**WHAT YOU HAVE TO DO**: Please return each of the entries exactly, minus their pictures.

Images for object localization
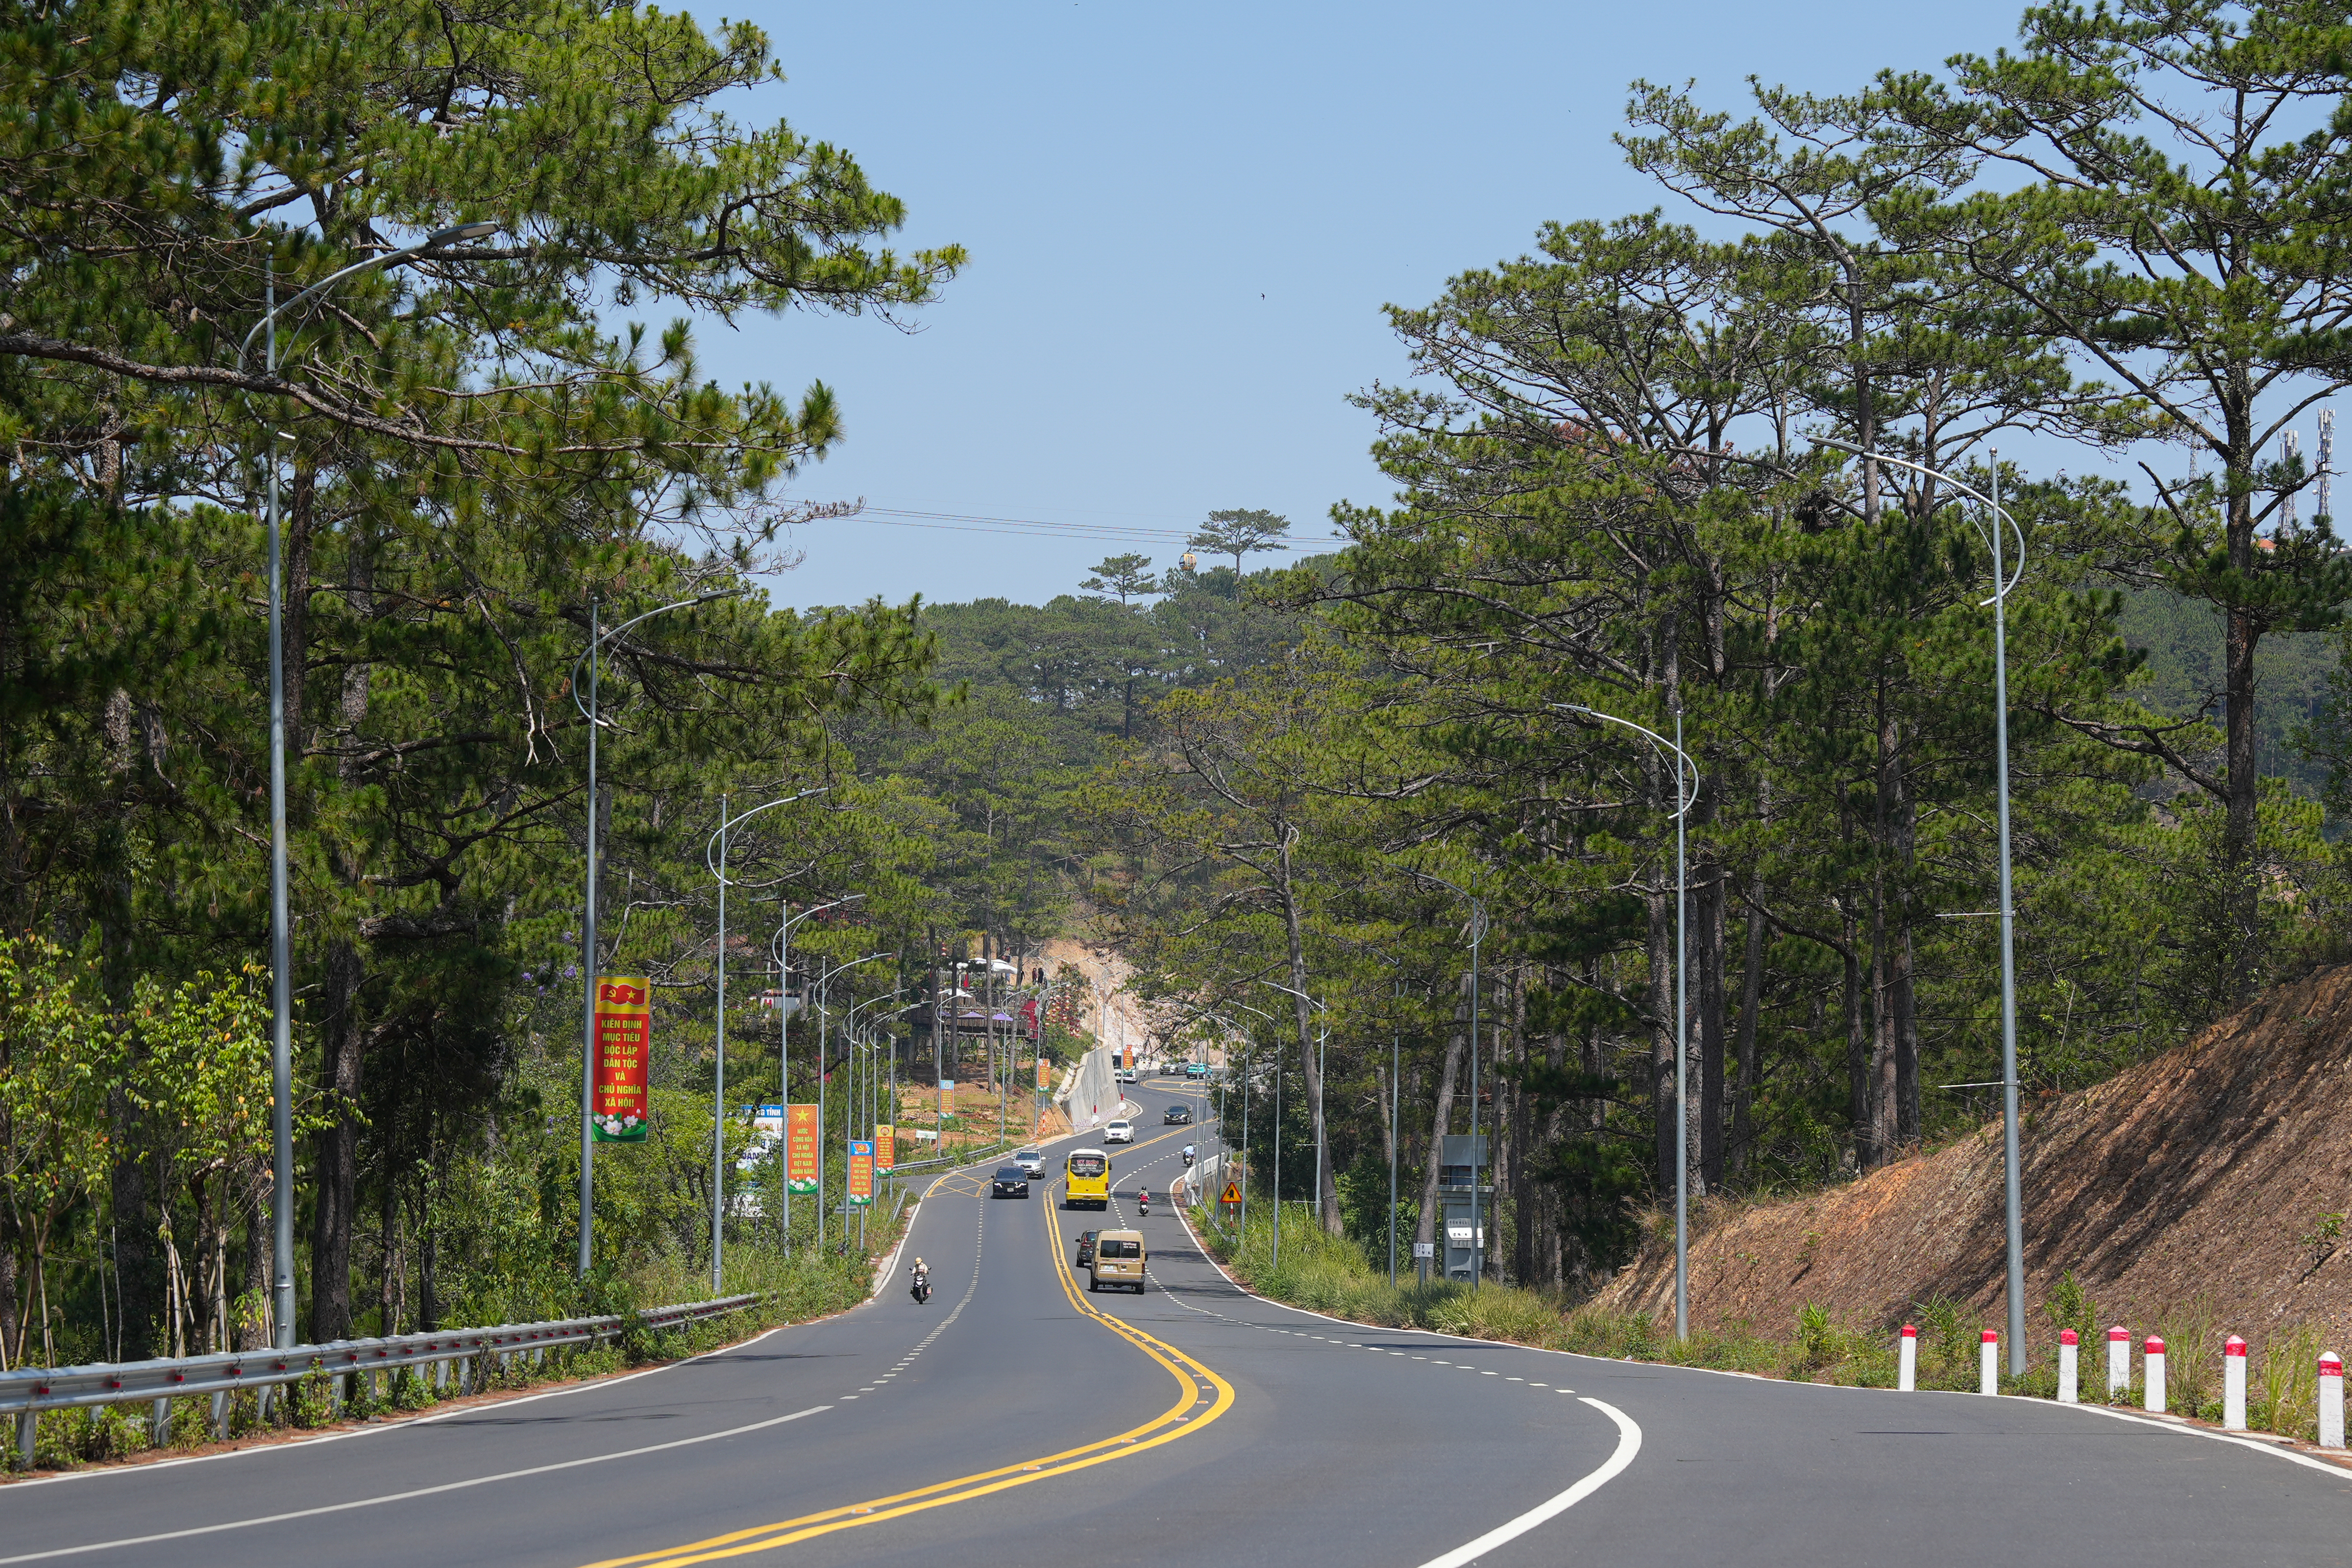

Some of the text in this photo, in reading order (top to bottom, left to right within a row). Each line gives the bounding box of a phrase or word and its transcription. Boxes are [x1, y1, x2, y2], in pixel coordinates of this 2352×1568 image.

[601, 1018, 642, 1031] KIÊN ĐỊNH
[602, 1032, 640, 1043] MỤC TIÊU
[604, 1044, 638, 1057] ĐỘC LẬP
[603, 1057, 638, 1070] DÂN TỘC
[615, 1070, 626, 1081] VÀ
[599, 1082, 642, 1094] CHỦ NGHĨA
[604, 1096, 634, 1109] XÃ HỘI!

**RESPONSE AREA**:
Some of the text in this photo, in reading order (top to bottom, left to right within a row). Each line gives the bounding box of a phrase or word and its transcription. Boxes are [x1, y1, x2, y2], in pixel coordinates of this 2352×1568 image.

[601, 1018, 642, 1031] KIÊN ĐỊNH
[602, 1032, 640, 1043] MỤC TIÊU
[604, 1044, 638, 1057] ĐỘC LẬP
[603, 1057, 638, 1070] DÂN TỘC
[615, 1070, 626, 1081] VÀ
[599, 1082, 642, 1094] CHỦ NGHĨA
[604, 1096, 634, 1109] XÃ HỘI!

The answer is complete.